He examined that thoughtfully in turn. “Had to be used maybe? It would have been too much of a waste not to use them?”

I found myself beginning to have something almost strange as an affection for this man. Felt something of the same sort happening in him as regards myself—such feelings can hardly exist one-way. Nikolai Bazarov his name was: I caught myself from addressing him by his Christian one. He, meantime, brought himself back, as from a reverie, or a trip into the otherworldly, to his factual account.

“We had got as far as off Brittany when everything happened.”

“And being handy, you were ordered to take out our Spanish bases . . . And Gibraltar a side effect.”

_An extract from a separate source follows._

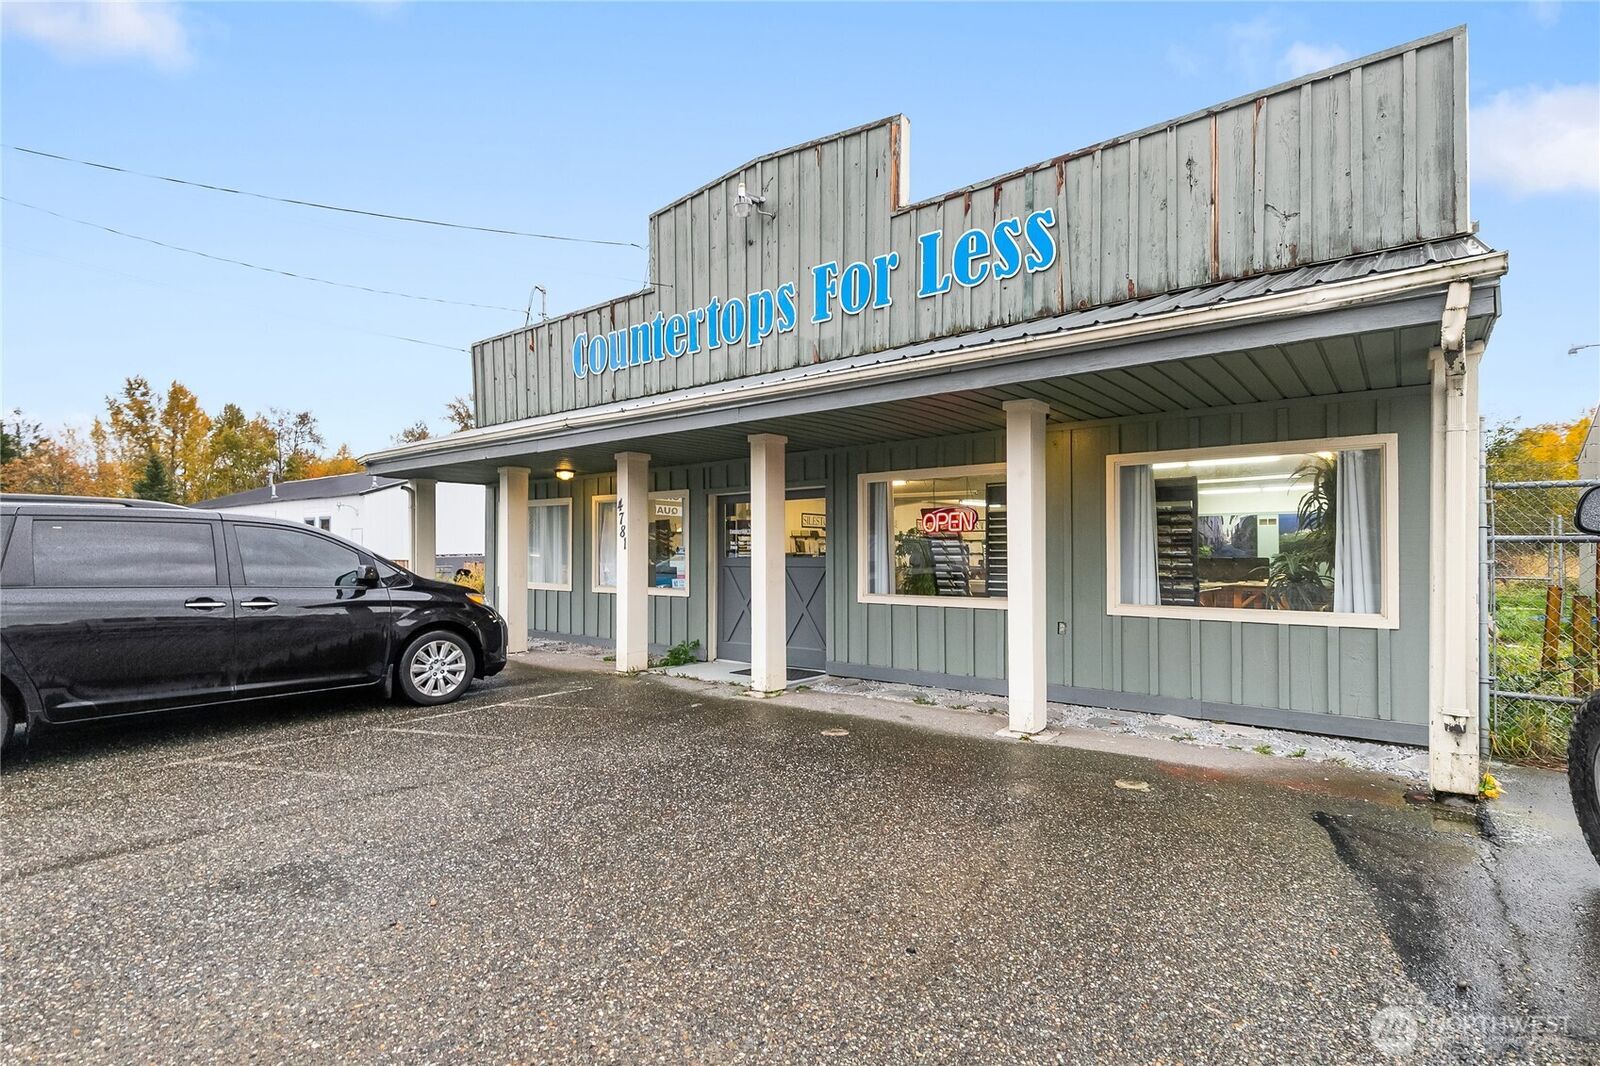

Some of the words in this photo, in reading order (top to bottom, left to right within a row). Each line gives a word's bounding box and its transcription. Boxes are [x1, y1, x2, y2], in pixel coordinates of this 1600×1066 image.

“Precisely, Captain.” He spoke in reflective tones, simply as if wanting to wind up the account in a neat, sailorlike fashion, one ship’s captain to another. “I don’t know if your ships had fixed targets.” My heart, mindful of Orel, fearful he would ask that of the
Nathan James,
not certain I would give a truthful reply, skipped a beat. “I expect so. In any case ours did. I came to identify our squadron of Arctic submersibles not so much with their actual names as with the American cities they were variously assigned. This one, Washington. That one, Chicago. That one, Houston.
Pushkin
’s happened to be New York.” A soft, indefinable trace of a smile. “I pretty much came to think of her as the
New York.

“New York?” I repeated inanely. Why that should have given me such a turn I couldn’t say. Someone had to have that assignment; then—of course, the fact of the man who did being beside me. I listened to that voice, a peculiar, almost musical note now in it.

“Odd thing: I always had a desire to visit New York. Of course, I suppose everybody on earth did. The great city of our times. Like Rome of old. Wished I could somehow get a leave, a week or so, have a good look around before we ourselves . . .” He took a deep breath. “One got some strange thoughts on a ship submerged up there in the Arctic . . . One got strange thoughts in a submarine with our mission . . .”

“Not just on a submarine,” I said, remembering some of ours in the Barents.

“Where was I? Oh, yes. New York: We had to be very good to get that mission. And I won’t deny a certain pride in having been given it; true of myself; of
Pushkin
’s company.”

He waited in contemplation, in ponderment; I could see the parade of things past trooping through his mind; a spectral feeling unaccountably beginning to take hold of me.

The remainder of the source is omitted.